Lead Oxychloride Borates Obtained under Extreme Conditions

[Pb₁₀O₄]­Pb₂(B₂O₅)­Cl₁₂ (1) and [Pb₁₈O12]­Pb­(BO₂OH)₂Cl₁₀ (2) were obtained via high-temperature high-pressure experiments. [O₁₂Pb₁₈]¹²⁺ and [O₄Pb₁₀]¹²⁺ oxocentered structural units of different dimensionality are excised from the ideal [OPb] layer in tetragonal α-PbO. 2 is formed with an excess of lead oxide component, and 1 is formed with an excess of borate and halide reagents. The structure of 2 can be visualized as the incorporation of {Pb(10)­Cl₄(BO₂OH)₂} clusters into alternating PbO and chloride layers, with the existence of square vacancies in both. However, the structure of 1 is described as the intrusion of [O₄Pb₁₀]¹²⁺ tetramers linked by disordered Pb­(B₂O₅) groups into a halogen three-dimensional matrix.
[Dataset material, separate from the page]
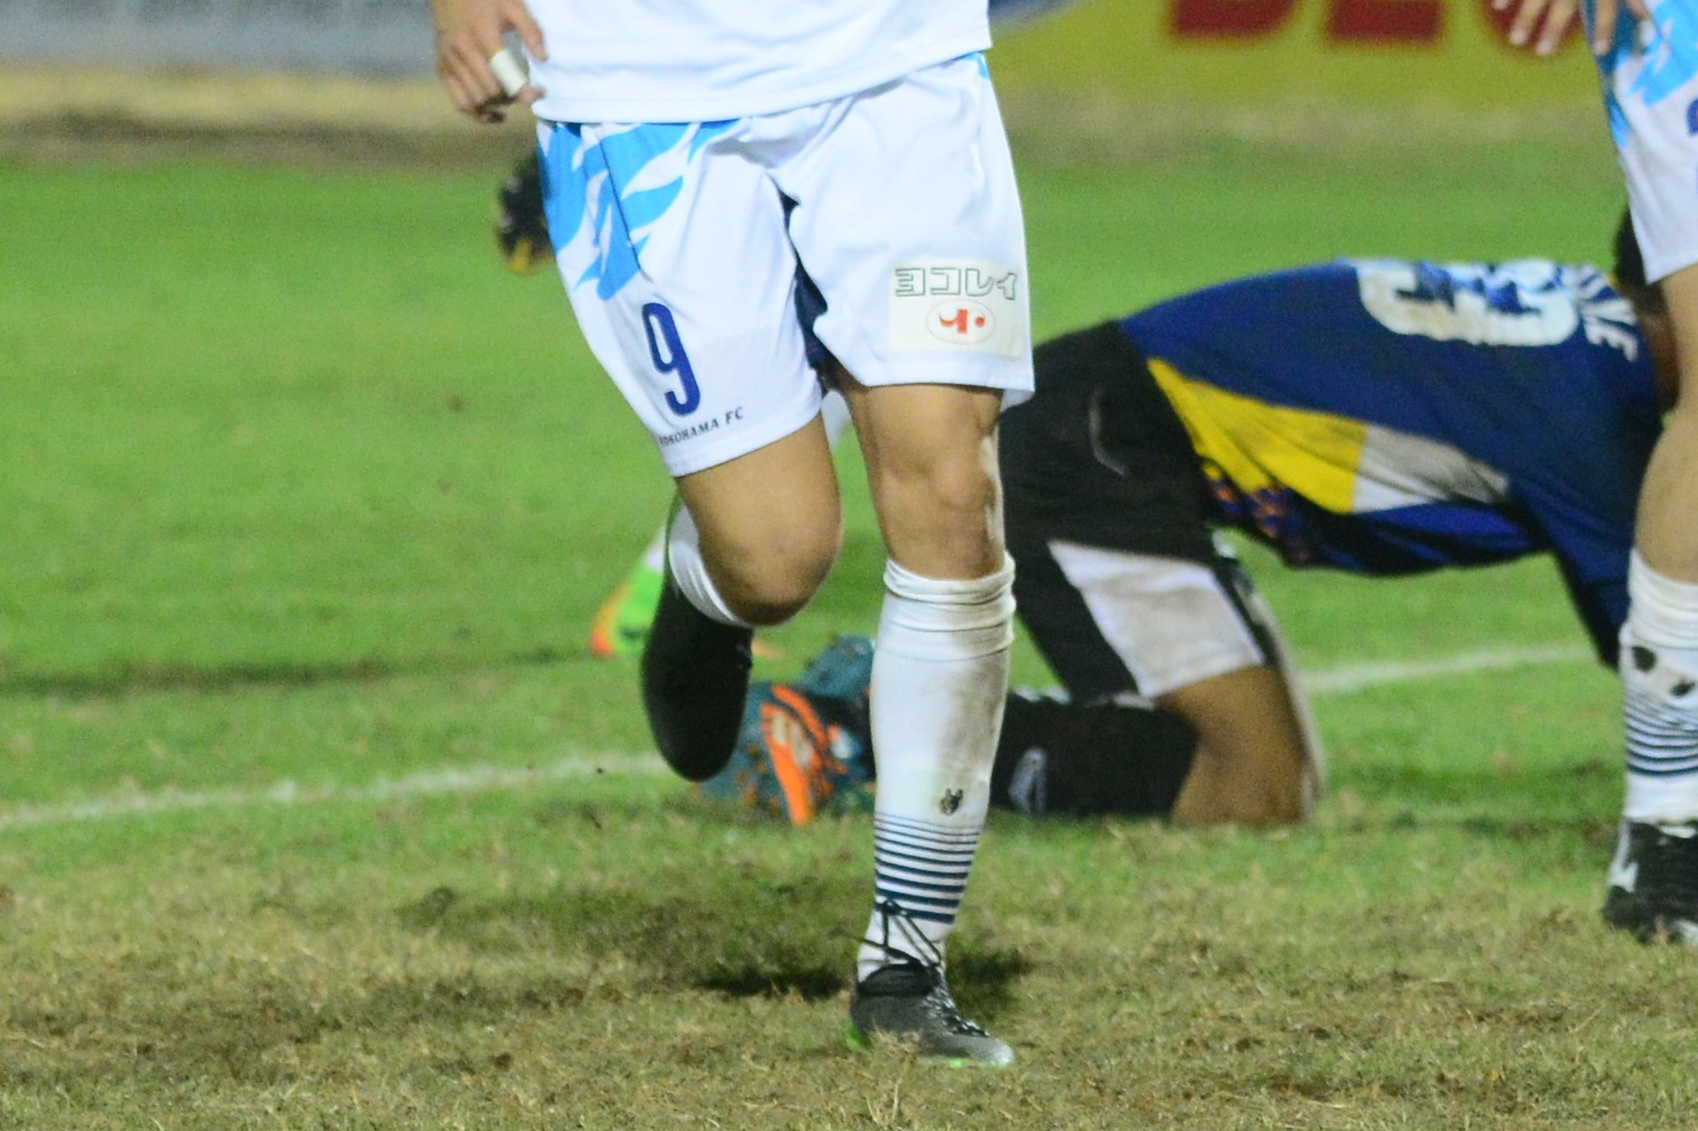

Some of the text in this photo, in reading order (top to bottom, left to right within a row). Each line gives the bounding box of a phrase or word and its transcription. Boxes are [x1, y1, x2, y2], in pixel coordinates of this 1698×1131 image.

[895, 267, 1018, 301] ヨコレイ
[641, 302, 701, 417] 9
[658, 406, 745, 448] YOKOHAMA FC
The structure of 2 contains 10 symmetrically independent Pb positions. The 6s² lone electron pair is stereochemically active on Pb(1)–Pb(9) atoms, whereas it is inert on Pb(10). All of the Pb coordinations in the structure of 2, in accordance with ECC_v (volume eccentricity) parameters and the density of states (DOS), can be subdivided into three groups. The current study is the first attempt to analyze this unusual behavior in structurally complex oxyhalide material with the rare case of Pb²⁺ cations, demonstrating both stereochemically active and inactive behavior of the lone pair via charge and first-principle calculations.